SIFAT KINETIKA ENZIM
Mengukur Kadar Enzim
Enzim sebagai katalisator juga mempunyai sifat-sifat seperti katalisator pada umumnya, seperti ikut bereaksi, tetapi padaakhir reaksi didapatkan kembali dalam bentuk semula. Hal tersebut mengakibatkan enzim dapat dipakai kembali setelah melaksanakan aktivitasnya, sehingga tubuh kita tidak membutuhkan enzim dalam jumlah yang besar. Jumlah/kadar enzim yang kecil tersebut menimbulkan kesulitan tersendiri bagi kita untuk mengukur kadar enzim, sehingga memerlukan teknik yang rumit.
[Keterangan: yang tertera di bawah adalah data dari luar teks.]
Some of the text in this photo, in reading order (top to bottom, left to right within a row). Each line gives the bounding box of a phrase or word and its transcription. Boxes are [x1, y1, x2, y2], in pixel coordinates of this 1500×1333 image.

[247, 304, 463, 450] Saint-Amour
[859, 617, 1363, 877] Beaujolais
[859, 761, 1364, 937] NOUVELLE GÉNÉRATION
Secara klinis pengukuran kadar enzim sangat penting dilakukan. Disamping untuk mengetahui kadar suatu enzim pada seorang penderita, Enzim plasma nonfungsinal dapat dijadikan sebagai petanda adanya kerusakan organ tertentu.
Pengukuran kadar enzim dapat dilkaukan denga dua cara, yaitu: (1) dibandingkan dengan enzim murni; (2) Mengukur kecepatan reaksi yang dikatalisisnya. Cara ke-1 dilakukan dengan membandingkan enzim yang ingin diukur kadarnya dengan enzim murni yang sudah
diketahui kadarnya. Kadar enzim dinyatakan dengan satuan µg. Sebagai contoh misalnya enzim murni dengan kadar 2 ug dapat mengkatalisis substrat dengan jumlah tertentu selama 10 detik. Jika memakai enzim yang ingin diukur kadarnya membutuhkan waktu 20 detik, maka kadar enzim yang bersangkutan adalah 1 ug.
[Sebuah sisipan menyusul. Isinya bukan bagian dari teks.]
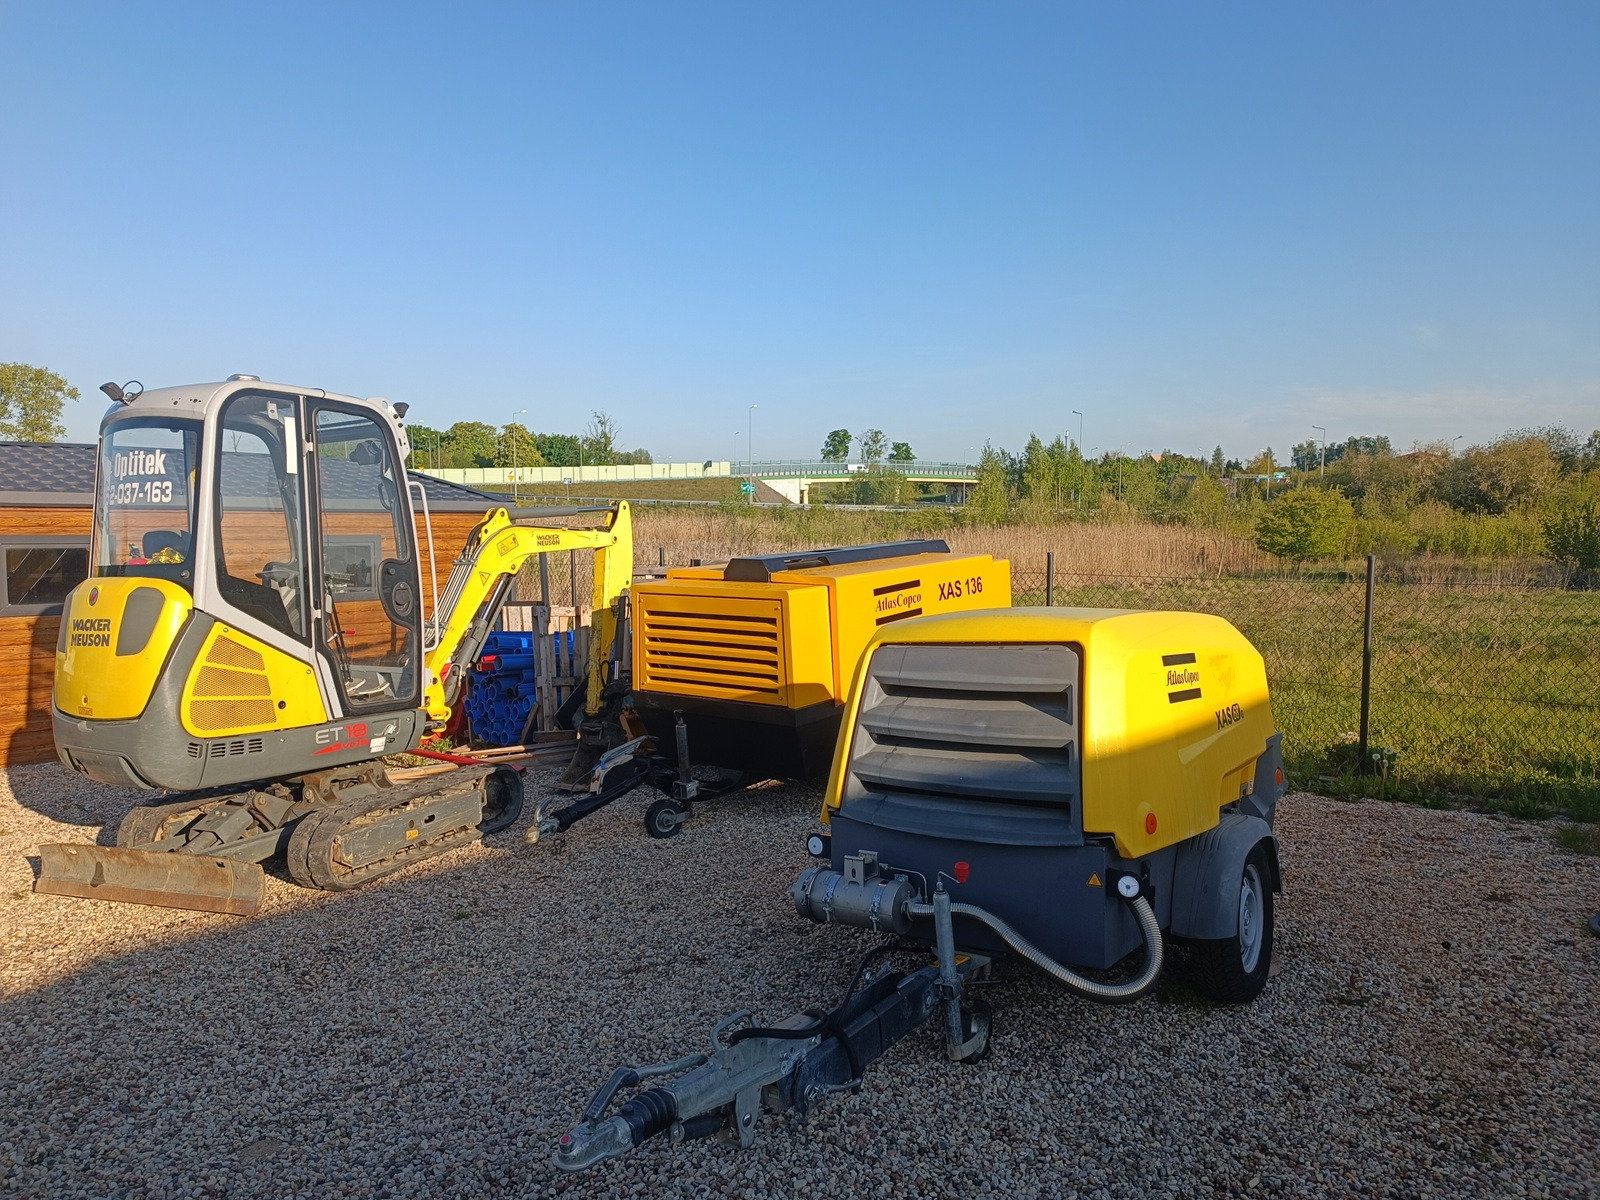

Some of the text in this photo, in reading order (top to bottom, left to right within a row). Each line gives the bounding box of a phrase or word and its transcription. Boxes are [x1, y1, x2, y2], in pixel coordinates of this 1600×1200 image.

Pengukuran dengan cara diatas, jelas membutuhkan tersedianya enzim murni. Kenyataannya banyak enzim yang belum tersedia bentuk murninya. Untuk mengatasi hal ini digunakanlah cara ke-2. Satuan enzim dinyatakan dalam unit. Kadar enzim diukur berdasarkan jumlah substrat yang bereaksi atau produk yang terbentuk per satuan waktu. Satu unit internasional disepakati sebagai jumlah enzim yang perlukan untuk mengkatalisis pembentukan 1 µ mol produk per menit pada kondisi tertentu.
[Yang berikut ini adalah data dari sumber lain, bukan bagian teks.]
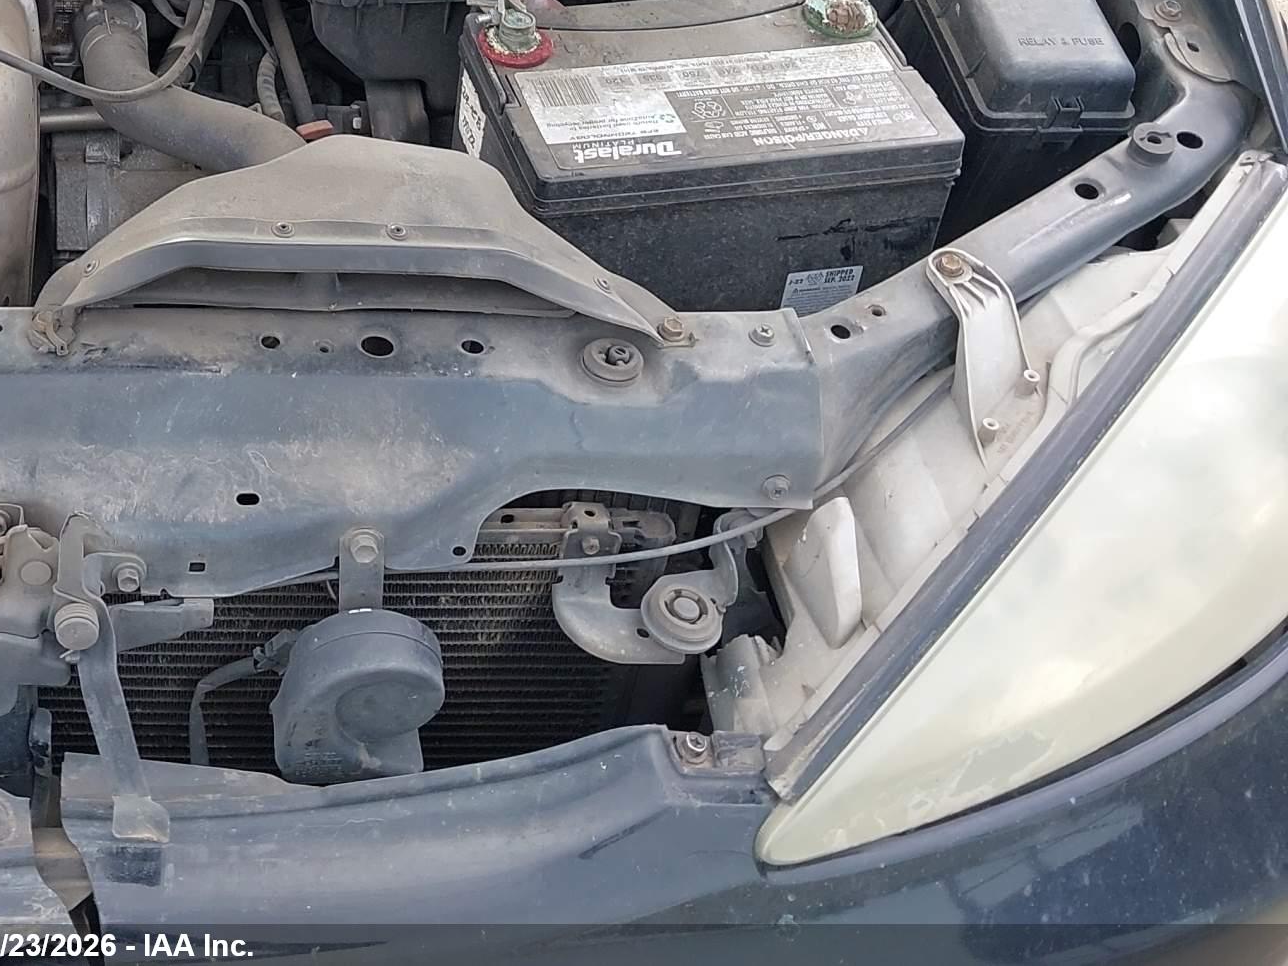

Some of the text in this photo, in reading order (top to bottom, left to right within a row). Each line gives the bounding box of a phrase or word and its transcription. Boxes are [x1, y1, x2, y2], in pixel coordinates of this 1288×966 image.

[1018, 37, 1057, 46] RELAY
[1071, 37, 1104, 46] FUSE
[571, 138, 635, 150] PLATINUM
[573, 140, 682, 164] Duralast
[825, 268, 854, 278] SHIPPED
Pengukuran aktifitas enzim dapat pula dilakukan menggunakan alat spektrofotometer. Sebagai contoh misalnya aktifitas enzim dehidrogenase yang bergantung NAD(P)+ diperiksa secara spektofotometris dengan mengukur perubahan absorbsi nya pada 340 nm yang menyertai oksidasi atau reduksi NAD(P)+/NAD(P)H. Oksidasi NADH menjadi NAD+ terjadi disertai dengan penurunan densitas optik (OD, optical density) pada 340 nm, yang proporsional dengan jumlah NADH yang dioksidasi. Demikian pula, kalau NAD+ direduksi, OD pada 340 nm akan meningkat sebanding dengan jumlah NADH yang terbentuk. Perubahan OD pada 340 nm ini dapat dimanfaatkan bagi pemeriksaan analisis kuantitatif setiap enzim dehidrogenase yang bergantung NAD+ atau NADP+. Bagi enzim dehidrogenase yang mengatalitis oksidasi NADH oleh substratnya yang teroksidasi, kecepatan penurunan OD pada 340 nm akan berbanding lurus dengan konsentrasi enzim. Oleh karena itu, hasil pengukuran kecepatan penurunan OD pada 340 nm memungkinkan kita menyimpulkan kuantitas enzim.